Dataset entries:
○ ○ ○ ○

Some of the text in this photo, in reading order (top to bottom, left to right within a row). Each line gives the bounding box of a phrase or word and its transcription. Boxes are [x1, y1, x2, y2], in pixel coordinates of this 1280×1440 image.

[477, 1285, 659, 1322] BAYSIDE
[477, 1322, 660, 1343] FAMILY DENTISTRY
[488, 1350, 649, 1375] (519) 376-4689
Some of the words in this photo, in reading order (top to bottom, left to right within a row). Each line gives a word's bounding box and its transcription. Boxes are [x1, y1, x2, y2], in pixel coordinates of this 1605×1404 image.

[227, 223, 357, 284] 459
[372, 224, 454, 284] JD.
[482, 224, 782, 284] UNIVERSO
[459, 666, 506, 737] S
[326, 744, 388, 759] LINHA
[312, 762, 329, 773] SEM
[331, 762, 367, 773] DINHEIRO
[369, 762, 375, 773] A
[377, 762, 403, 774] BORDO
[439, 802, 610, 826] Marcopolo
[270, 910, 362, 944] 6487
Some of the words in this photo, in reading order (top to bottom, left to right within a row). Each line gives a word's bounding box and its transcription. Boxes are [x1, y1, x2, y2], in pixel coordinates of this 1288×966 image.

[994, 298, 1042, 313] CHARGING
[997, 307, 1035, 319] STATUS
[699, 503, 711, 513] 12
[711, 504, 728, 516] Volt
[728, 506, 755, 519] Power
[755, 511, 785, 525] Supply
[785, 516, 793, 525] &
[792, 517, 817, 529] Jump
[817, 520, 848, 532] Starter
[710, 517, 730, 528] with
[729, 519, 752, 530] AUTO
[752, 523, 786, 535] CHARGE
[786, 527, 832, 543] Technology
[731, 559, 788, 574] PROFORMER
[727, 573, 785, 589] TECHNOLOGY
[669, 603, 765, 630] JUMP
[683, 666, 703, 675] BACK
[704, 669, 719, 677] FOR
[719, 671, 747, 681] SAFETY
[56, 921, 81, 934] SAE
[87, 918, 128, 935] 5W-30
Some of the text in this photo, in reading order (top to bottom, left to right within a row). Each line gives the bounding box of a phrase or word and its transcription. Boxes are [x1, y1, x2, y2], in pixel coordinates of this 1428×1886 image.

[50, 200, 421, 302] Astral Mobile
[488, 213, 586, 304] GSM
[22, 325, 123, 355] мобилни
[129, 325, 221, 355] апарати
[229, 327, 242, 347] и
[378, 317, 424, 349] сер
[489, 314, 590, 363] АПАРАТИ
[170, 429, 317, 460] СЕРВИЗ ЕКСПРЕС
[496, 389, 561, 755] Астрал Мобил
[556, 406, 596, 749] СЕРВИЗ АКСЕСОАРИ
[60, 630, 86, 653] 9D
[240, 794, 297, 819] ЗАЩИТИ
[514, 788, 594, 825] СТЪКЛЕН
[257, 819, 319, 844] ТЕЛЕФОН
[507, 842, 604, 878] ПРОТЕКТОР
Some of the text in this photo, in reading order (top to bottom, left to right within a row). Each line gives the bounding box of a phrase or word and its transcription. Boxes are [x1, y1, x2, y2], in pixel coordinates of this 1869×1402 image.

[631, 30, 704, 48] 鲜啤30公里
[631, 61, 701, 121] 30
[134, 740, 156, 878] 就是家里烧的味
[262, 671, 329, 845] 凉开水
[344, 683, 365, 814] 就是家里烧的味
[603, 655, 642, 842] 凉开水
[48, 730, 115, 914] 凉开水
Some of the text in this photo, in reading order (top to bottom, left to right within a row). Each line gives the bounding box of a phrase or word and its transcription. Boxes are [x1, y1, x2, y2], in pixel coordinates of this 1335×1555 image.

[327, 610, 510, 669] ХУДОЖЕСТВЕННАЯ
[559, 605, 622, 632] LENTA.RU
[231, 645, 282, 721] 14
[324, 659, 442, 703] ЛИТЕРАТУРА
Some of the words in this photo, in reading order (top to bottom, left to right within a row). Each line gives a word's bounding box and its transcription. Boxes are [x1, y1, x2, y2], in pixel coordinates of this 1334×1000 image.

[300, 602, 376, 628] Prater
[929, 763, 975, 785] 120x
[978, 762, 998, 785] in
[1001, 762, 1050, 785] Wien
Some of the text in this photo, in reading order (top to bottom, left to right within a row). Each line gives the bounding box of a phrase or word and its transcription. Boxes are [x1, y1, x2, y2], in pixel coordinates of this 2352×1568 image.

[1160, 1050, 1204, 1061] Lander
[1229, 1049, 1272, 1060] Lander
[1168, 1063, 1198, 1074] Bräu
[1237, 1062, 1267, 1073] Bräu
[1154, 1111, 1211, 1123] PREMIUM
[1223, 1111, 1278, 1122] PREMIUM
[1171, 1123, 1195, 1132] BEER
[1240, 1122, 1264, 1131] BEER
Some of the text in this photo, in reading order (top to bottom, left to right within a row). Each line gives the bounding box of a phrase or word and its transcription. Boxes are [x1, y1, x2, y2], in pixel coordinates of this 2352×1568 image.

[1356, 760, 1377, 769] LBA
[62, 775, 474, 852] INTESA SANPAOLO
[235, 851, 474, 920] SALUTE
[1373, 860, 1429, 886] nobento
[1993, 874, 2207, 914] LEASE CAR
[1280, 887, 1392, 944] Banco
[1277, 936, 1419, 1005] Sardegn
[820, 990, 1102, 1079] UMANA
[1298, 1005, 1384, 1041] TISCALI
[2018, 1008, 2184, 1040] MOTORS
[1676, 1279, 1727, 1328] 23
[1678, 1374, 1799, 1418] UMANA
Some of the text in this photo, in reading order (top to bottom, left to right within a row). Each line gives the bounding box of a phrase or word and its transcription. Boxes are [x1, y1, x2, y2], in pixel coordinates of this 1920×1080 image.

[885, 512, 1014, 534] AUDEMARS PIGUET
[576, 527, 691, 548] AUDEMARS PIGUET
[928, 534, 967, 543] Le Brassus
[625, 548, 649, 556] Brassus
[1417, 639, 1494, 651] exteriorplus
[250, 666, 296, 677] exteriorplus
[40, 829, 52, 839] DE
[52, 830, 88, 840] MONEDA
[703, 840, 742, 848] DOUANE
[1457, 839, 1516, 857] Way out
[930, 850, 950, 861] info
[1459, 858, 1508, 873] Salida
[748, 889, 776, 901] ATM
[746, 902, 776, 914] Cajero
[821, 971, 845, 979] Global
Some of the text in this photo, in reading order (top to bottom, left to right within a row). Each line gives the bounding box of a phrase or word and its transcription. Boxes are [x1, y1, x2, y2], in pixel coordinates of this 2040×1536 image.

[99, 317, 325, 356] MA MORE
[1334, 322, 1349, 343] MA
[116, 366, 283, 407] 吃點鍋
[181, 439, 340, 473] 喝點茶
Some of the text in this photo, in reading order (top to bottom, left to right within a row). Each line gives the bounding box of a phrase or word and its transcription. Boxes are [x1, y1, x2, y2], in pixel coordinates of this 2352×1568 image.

○ ○ ○ ○

Set down the records above once more, exactly as they stand.

Output of the task:
Some of the text in this photo, in reading order (top to bottom, left to right within a row). Each line gives the bounding box of a phrase or word and its transcription. Boxes are [x1, y1, x2, y2], in pixel coordinates of this 1280×1440 image.

[477, 1285, 659, 1322] BAYSIDE
[477, 1322, 660, 1343] FAMILY DENTISTRY
[488, 1350, 649, 1375] (519) 376-4689
Some of the words in this photo, in reading order (top to bottom, left to right within a row). Each line gives a word's bounding box and its transcription. Boxes are [x1, y1, x2, y2], in pixel coordinates of this 1605×1404 image.

[227, 223, 357, 284] 459
[372, 224, 454, 284] JD.
[482, 224, 782, 284] UNIVERSO
[459, 666, 506, 737] S
[326, 744, 388, 759] LINHA
[312, 762, 329, 773] SEM
[331, 762, 367, 773] DINHEIRO
[369, 762, 375, 773] A
[377, 762, 403, 774] BORDO
[439, 802, 610, 826] Marcopolo
[270, 910, 362, 944] 6487
Some of the words in this photo, in reading order (top to bottom, left to right within a row). Each line gives a word's bounding box and its transcription. Boxes are [x1, y1, x2, y2], in pixel coordinates of this 1288×966 image.

[994, 298, 1042, 313] CHARGING
[997, 307, 1035, 319] STATUS
[699, 503, 711, 513] 12
[711, 504, 728, 516] Volt
[728, 506, 755, 519] Power
[755, 511, 785, 525] Supply
[785, 516, 793, 525] &
[792, 517, 817, 529] Jump
[817, 520, 848, 532] Starter
[710, 517, 730, 528] with
[729, 519, 752, 530] AUTO
[752, 523, 786, 535] CHARGE
[786, 527, 832, 543] Technology
[731, 559, 788, 574] PROFORMER
[727, 573, 785, 589] TECHNOLOGY
[669, 603, 765, 630] JUMP
[683, 666, 703, 675] BACK
[704, 669, 719, 677] FOR
[719, 671, 747, 681] SAFETY
[56, 921, 81, 934] SAE
[87, 918, 128, 935] 5W-30
Some of the text in this photo, in reading order (top to bottom, left to right within a row). Each line gives the bounding box of a phrase or word and its transcription. Boxes are [x1, y1, x2, y2], in pixel coordinates of this 1428×1886 image.

[50, 200, 421, 302] Astral Mobile
[488, 213, 586, 304] GSM
[22, 325, 123, 355] мобилни
[129, 325, 221, 355] апарати
[229, 327, 242, 347] и
[378, 317, 424, 349] сер
[489, 314, 590, 363] АПАРАТИ
[170, 429, 317, 460] СЕРВИЗ ЕКСПРЕС
[496, 389, 561, 755] Астрал Мобил
[556, 406, 596, 749] СЕРВИЗ АКСЕСОАРИ
[60, 630, 86, 653] 9D
[240, 794, 297, 819] ЗАЩИТИ
[514, 788, 594, 825] СТЪКЛЕН
[257, 819, 319, 844] ТЕЛЕФОН
[507, 842, 604, 878] ПРОТЕКТОР
Some of the text in this photo, in reading order (top to bottom, left to right within a row). Each line gives the bounding box of a phrase or word and its transcription. Boxes are [x1, y1, x2, y2], in pixel coordinates of this 1869×1402 image.

[631, 30, 704, 48] 鲜啤30公里
[631, 61, 701, 121] 30
[134, 740, 156, 878] 就是家里烧的味
[262, 671, 329, 845] 凉开水
[344, 683, 365, 814] 就是家里烧的味
[603, 655, 642, 842] 凉开水
[48, 730, 115, 914] 凉开水
Some of the text in this photo, in reading order (top to bottom, left to right within a row). Each line gives the bounding box of a phrase or word and its transcription. Boxes are [x1, y1, x2, y2], in pixel coordinates of this 1335×1555 image.

[327, 610, 510, 669] ХУДОЖЕСТВЕННАЯ
[559, 605, 622, 632] LENTA.RU
[231, 645, 282, 721] 14
[324, 659, 442, 703] ЛИТЕРАТУРА
Some of the words in this photo, in reading order (top to bottom, left to right within a row). Each line gives a word's bounding box and its transcription. Boxes are [x1, y1, x2, y2], in pixel coordinates of this 1334×1000 image.

[300, 602, 376, 628] Prater
[929, 763, 975, 785] 120x
[978, 762, 998, 785] in
[1001, 762, 1050, 785] Wien
Some of the text in this photo, in reading order (top to bottom, left to right within a row). Each line gives the bounding box of a phrase or word and its transcription. Boxes are [x1, y1, x2, y2], in pixel coordinates of this 2352×1568 image.

[1160, 1050, 1204, 1061] Lander
[1229, 1049, 1272, 1060] Lander
[1168, 1063, 1198, 1074] Bräu
[1237, 1062, 1267, 1073] Bräu
[1154, 1111, 1211, 1123] PREMIUM
[1223, 1111, 1278, 1122] PREMIUM
[1171, 1123, 1195, 1132] BEER
[1240, 1122, 1264, 1131] BEER
Some of the text in this photo, in reading order (top to bottom, left to right within a row). Each line gives the bounding box of a phrase or word and its transcription. Boxes are [x1, y1, x2, y2], in pixel coordinates of this 2352×1568 image.

[1356, 760, 1377, 769] LBA
[62, 775, 474, 852] INTESA SANPAOLO
[235, 851, 474, 920] SALUTE
[1373, 860, 1429, 886] nobento
[1993, 874, 2207, 914] LEASE CAR
[1280, 887, 1392, 944] Banco
[1277, 936, 1419, 1005] Sardegn
[820, 990, 1102, 1079] UMANA
[1298, 1005, 1384, 1041] TISCALI
[2018, 1008, 2184, 1040] MOTORS
[1676, 1279, 1727, 1328] 23
[1678, 1374, 1799, 1418] UMANA
Some of the text in this photo, in reading order (top to bottom, left to right within a row). Each line gives the bounding box of a phrase or word and its transcription. Boxes are [x1, y1, x2, y2], in pixel coordinates of this 1920×1080 image.

[885, 512, 1014, 534] AUDEMARS PIGUET
[576, 527, 691, 548] AUDEMARS PIGUET
[928, 534, 967, 543] Le Brassus
[625, 548, 649, 556] Brassus
[1417, 639, 1494, 651] exteriorplus
[250, 666, 296, 677] exteriorplus
[40, 829, 52, 839] DE
[52, 830, 88, 840] MONEDA
[703, 840, 742, 848] DOUANE
[1457, 839, 1516, 857] Way out
[930, 850, 950, 861] info
[1459, 858, 1508, 873] Salida
[748, 889, 776, 901] ATM
[746, 902, 776, 914] Cajero
[821, 971, 845, 979] Global
Some of the text in this photo, in reading order (top to bottom, left to right within a row). Each line gives the bounding box of a phrase or word and its transcription. Boxes are [x1, y1, x2, y2], in pixel coordinates of this 2040×1536 image.

[99, 317, 325, 356] MA MORE
[1334, 322, 1349, 343] MA
[116, 366, 283, 407] 吃點鍋
[181, 439, 340, 473] 喝點茶
Some of the text in this photo, in reading order (top to bottom, left to right within a row). Each line gives the bounding box of a phrase or word and its transcription. Boxes are [x1, y1, x2, y2], in pixel coordinates of this 2352×1568 image.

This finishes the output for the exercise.